I agree that the examples Luke is talking about are intentional ones, but I suspect that’s rather incidental. To talk about it as “the intentional kind of manipulation” strikes me as misleading in the same sense that, while I agree that his example of Anna and Alicorn manipulating Eliezer was manipulation of a man by women, I would consider it misleading to refer to it as “the heterosexual kind of manipulation.”
For example, if I practiced positive-reinforcement conditioning so assiduously that I started doing it without having to form explicit intention to do it (in the same way that I don’t always form the explicit intention to catch a ball flying at my face before catching it), I expect that Luke would endorse doing it just the same; the fact that it’s intentional in one case and not the other just wouldn’t matter.
Actually, now that I think about it, what’s your take on that? That is, if I practice modifying others’ behavior until I reach the point where I can do it instinctively, without an overt intention-forming stage, does it suddenly become ethically acceptable for me to do so? (Since, after all, it’s no longer manipulation, on your account.)

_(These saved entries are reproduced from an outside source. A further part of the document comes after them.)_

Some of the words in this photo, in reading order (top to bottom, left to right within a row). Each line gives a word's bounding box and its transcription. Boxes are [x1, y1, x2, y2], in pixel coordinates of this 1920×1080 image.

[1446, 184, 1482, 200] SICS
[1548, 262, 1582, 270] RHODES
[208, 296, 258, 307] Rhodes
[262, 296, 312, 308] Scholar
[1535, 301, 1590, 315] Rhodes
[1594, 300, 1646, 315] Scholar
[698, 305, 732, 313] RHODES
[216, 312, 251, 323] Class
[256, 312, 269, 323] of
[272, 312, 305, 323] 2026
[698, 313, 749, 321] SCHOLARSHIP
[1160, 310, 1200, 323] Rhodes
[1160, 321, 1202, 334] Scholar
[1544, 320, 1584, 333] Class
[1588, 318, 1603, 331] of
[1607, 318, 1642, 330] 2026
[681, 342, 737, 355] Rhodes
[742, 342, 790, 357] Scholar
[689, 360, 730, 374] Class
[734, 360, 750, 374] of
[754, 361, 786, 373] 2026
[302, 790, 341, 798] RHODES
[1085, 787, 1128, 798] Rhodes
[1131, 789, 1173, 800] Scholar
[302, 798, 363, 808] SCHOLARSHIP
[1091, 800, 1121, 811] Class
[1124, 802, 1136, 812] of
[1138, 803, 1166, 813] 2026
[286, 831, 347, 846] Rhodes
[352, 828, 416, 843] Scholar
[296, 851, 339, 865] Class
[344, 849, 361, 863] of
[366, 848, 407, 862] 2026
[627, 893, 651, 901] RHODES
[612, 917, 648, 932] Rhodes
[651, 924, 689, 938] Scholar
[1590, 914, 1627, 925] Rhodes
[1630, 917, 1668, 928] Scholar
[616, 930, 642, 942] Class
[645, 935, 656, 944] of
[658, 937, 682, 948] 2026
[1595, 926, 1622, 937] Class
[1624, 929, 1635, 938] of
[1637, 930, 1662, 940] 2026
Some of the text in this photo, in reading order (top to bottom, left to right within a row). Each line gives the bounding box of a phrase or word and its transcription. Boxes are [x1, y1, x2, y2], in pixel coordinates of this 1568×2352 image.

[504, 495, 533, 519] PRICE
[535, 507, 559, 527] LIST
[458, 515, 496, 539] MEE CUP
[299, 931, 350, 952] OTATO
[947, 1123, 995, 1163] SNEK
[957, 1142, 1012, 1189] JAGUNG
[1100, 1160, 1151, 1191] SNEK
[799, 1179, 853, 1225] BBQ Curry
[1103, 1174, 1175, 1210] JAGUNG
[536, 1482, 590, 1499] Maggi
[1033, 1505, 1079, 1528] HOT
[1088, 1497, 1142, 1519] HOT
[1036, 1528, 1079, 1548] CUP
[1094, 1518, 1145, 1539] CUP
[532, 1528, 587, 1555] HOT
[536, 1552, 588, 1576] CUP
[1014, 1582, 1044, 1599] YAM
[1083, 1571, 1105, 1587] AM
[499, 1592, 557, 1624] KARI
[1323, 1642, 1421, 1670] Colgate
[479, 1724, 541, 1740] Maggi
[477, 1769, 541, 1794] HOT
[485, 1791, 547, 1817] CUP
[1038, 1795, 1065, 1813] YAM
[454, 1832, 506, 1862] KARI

I didn’t follow this at all.
Say I practiced my swing so assiduously that I could hit a 90mph fastball without thinking (indeed, there is no time to think). Would you say that every time I knock such a pitch into the outfield, I’ve done so unintentionally? The fact that I don’t go through an explicit thought process (if such a category is intelligible) every time doesn’t make a difference. A practiced liar and a pathological liar could both lie without thinking, but the former is doing something typically unethical (unless they’re like a spy or something) while the latter is just, well, pathological.
The way I’d put your point here is that one can practice a behavior to the point where it becomes a basic action, something which requires no deliberation as to how it is done, like walking or taking a drink or saying a sentence in your native language. I don’t think the basic vs. non-basic action distinction (if you think this is a fair way to put it) tracks the intentional vs. unintentional action distinction.
And the unintentional manipulations I’d exclude from this discussion are cases where you, say, ask how someone’s kids are because you care, and this happens to make them feel good (largely because they think you care), as opposed to cases where you ask about their kids in order to make them feel good. Those unintentional cases fall outside the conventional use of ‘manipulation’, but I won’t stand on semantics.
Nope. If you intentionally put yourself into a situation where you’re going to have 90mph fastballs thrown near you, with the intention of hitting them with a baseball bat, I would not say that your subsequent hitting of a 90mph fastball with a bat was unintentional.
I’m going to drop this thread here, because I feel like you’re sidestepping my questions rather than addressing them, and it’s beginning to get on my nerves. (You are, of course, under no obligation to answer my questions. I’m also perfectly prepared to believe that you aren’t intentionally sidestepping them.)
Well, I am sidestepping, because I think the point about practice is tangential to our discussion. Habitual insincerity is not therefore unintentional in the relevant sense.
This exchange may be helpful to understand TheOtherDave’s point.
Thanks, that is helpful.
.… And what about helping other people without knowing you helped them? /sly look/
Similarly, if helping people is OK, it’s OK whether I know I’m doing it or not, and if it’s not OK, it’s not OK whether I know I’m doing it or not.
Yes. But maybe there is a correlation that people who know what they are doing, are doing it more.
If that’s true, then it would make sense to criticize intentional manipulation more.
Well, only if doing it is worth criticizing in the first place.